In 2007, Berlin-based Bangladeshi documentary filmmaker Shaheen Dill-Riaz found himself in the midst of a family scandal: while studying abroad, his sister Mitul had secretly married their cousin. To the great chagrin of their parents, this transgressive event began to tear the family apart. So, Dill-Riaz decided to mediate between Mitul in Australia, his younger brother Tutul in the USA and his heartbroken parents back home in Dhaka.
In Past Is Present, Dill-Riaz turns his camera onto himself and his dear ones, producing a sweeping domestic saga shot over fourteen years and across four continents. Tracing his parents’ journey from rural Bangladesh to Dhaka and their three children’s subsequent drift to far-flung corners of the globe, the filmmaker examines the complex personal fallout of voluntary migration, presented here in all its dimensions.

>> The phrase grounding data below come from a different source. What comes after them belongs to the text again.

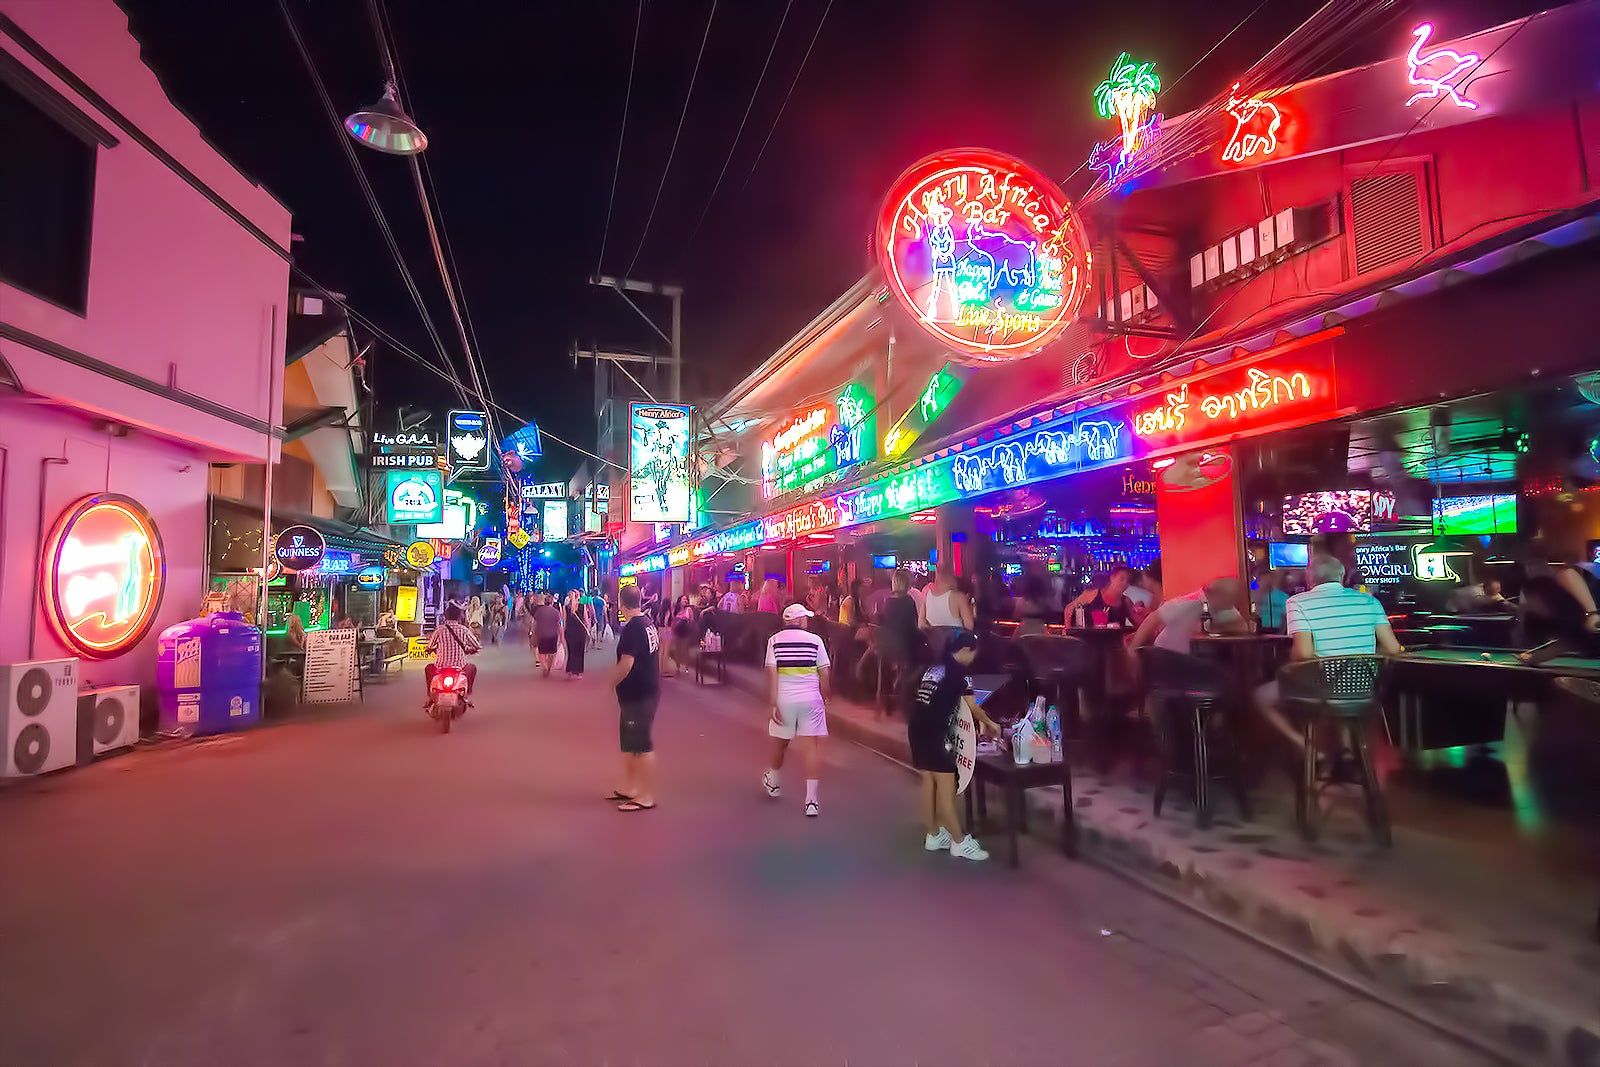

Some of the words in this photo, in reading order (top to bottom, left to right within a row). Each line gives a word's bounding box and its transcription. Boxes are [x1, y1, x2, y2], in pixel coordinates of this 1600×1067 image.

[962, 200, 1012, 226] Bar
[372, 456, 405, 466] IRISH
[408, 455, 434, 466] PUB
[1120, 474, 1157, 496] Henr
[854, 490, 884, 517] Happy
[815, 501, 838, 528] Bar
[277, 547, 321, 558] GUINNESS
[1370, 545, 1395, 553] Africa's
[321, 558, 350, 571] BAR
[1357, 565, 1413, 576] OWGIRL
[1380, 576, 1400, 584] SHOTS

Dill-Riaz seamlessly interweaves moments of torrid drama with passages of mundane poetry, his handheld camera adopting a transparent, unassuming style. The film’s international narrative produces a startling contrast of textures and lifestyles, but also crystallises the continuities in emotional and moral values across cultures. A touching study in the tyrannies of distance, Past Is Present actualises the immortal struggle between the home and the world.
– Srikanth Srinivasan
"Life can only be understood backwards, but it must be lived forward."
Søren Kierkegaard
I didn’t really make this film, rather it made me, over the period of a long Odyssey of 14 years. A spark of a family conflict in 2009 made me take the camera in my hand. Since then, I observed my family members, myself, in our private spaces and intimate moments, yet not with enough ambition of making a film out of the material rather to deal with the situation. It can be said that I took the opportunity as a cinematographer by creating that diversion to distant myself from my very own emotional turmoil and struggle in that context. Partially willing and at the same time (at the beginning) unwilling participation of my family members, I gradually could gather a huge amount of footage that led us to the potential for the film. Me and my editor could see the elements of stories that are common among millions of ‘diaspora families’ with their members living in different continents, scattered across the globe in actual physical or emotional distance.